To validate the generality of our observations, we designed a new set of siRNAs targeting the
Downregulated in Renal (DRR) Cell Carcinoma gene as previously reported [18,19]. The DRR
protein contributes to the aggressive and invasive nature of glioblastoma stem cells by cross
linking microtubules and actin at focal adhesions and activating downstream pathways of Protein
Kinase B [18]. Knockdown of the DRR gene is a promising therapeutic strategy for decreasing
the invasion of brain cancer stem cells [19,20]. One duplex contained 2’-F-4’-OMe-rU residues
at the 2-nt 3’-overhang of the guide strand; the other contained three additional 2’-F -rU residues
at internal positions. Their sequences are shown in Table 3, along with that of the unmodified
siRNA control.
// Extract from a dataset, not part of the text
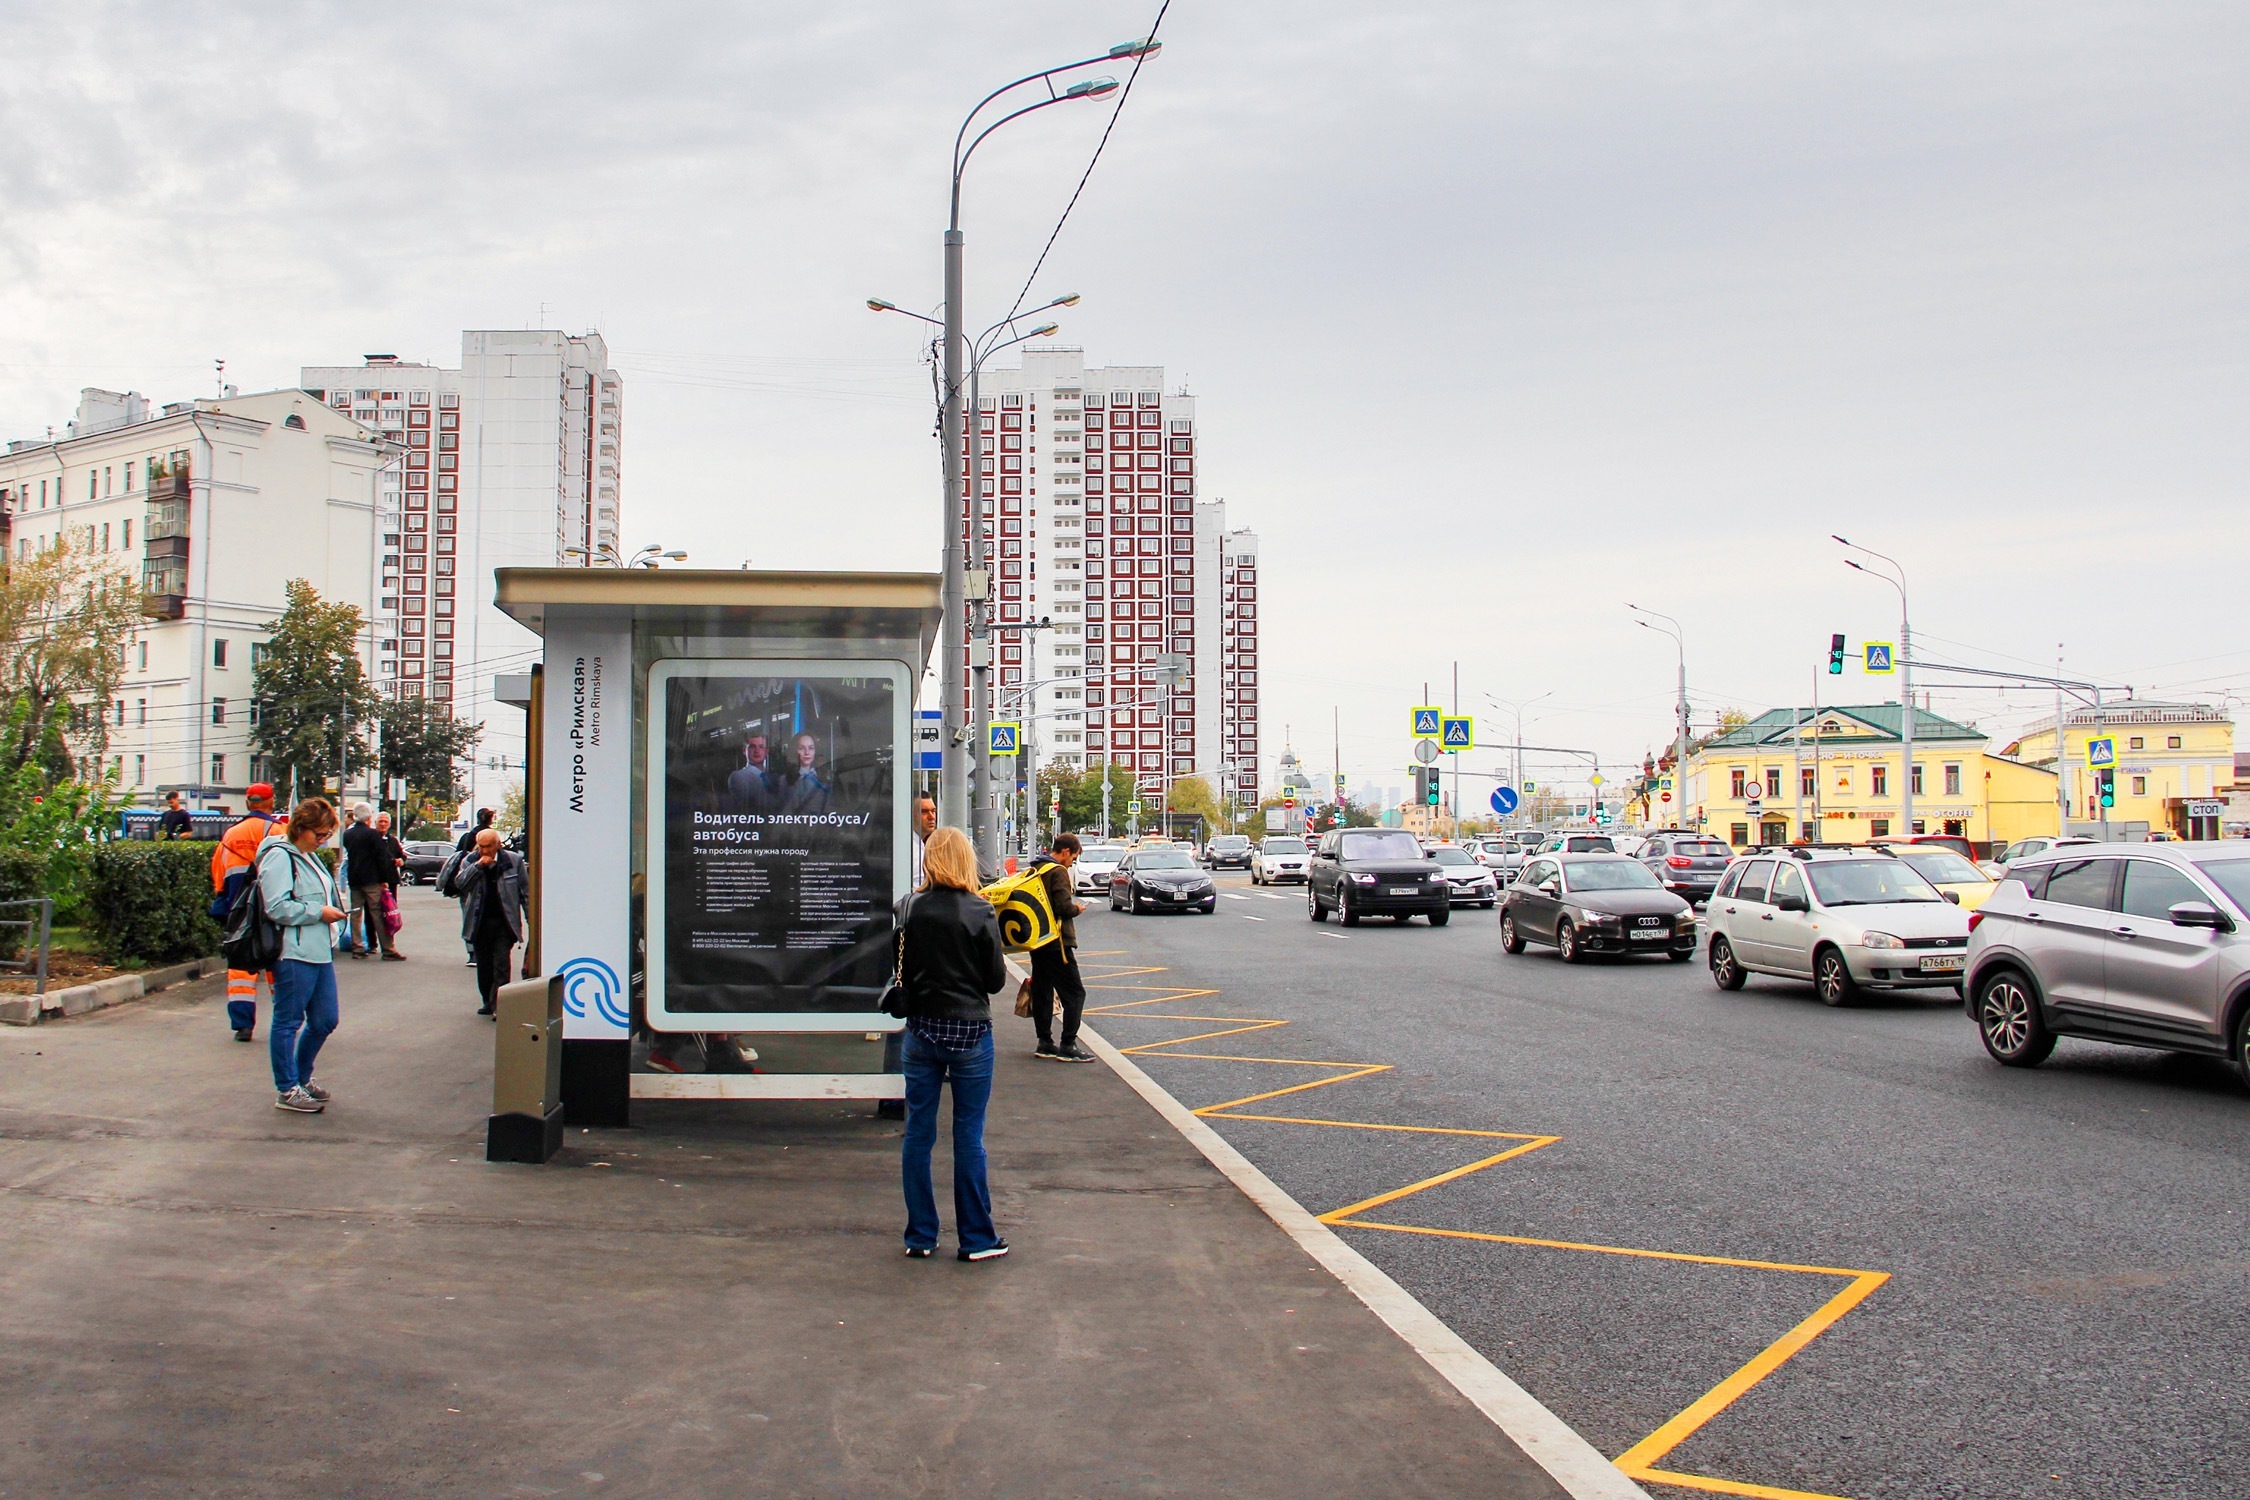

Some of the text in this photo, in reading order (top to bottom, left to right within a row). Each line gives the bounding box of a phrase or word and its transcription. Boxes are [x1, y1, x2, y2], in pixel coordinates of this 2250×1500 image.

DsedDRR cells were transfected with modified and control siRNA duplexes.
All siRNA duplexes targeting the DRR gene provided significant knockdown compared to the
scrambled control; the DRR positive CTRL duplex was the most active, followed by the siRNA
duplex with modified overhangs (Figure C.5). The least active was the most modified (112-2),
however it still exhibited excellent activity (IC50 ca. 4 nM) under the conditions tested.
Table 3. Sequences of Down-Regulated in Renal Cell Carcinoma (DRR) siRNAs.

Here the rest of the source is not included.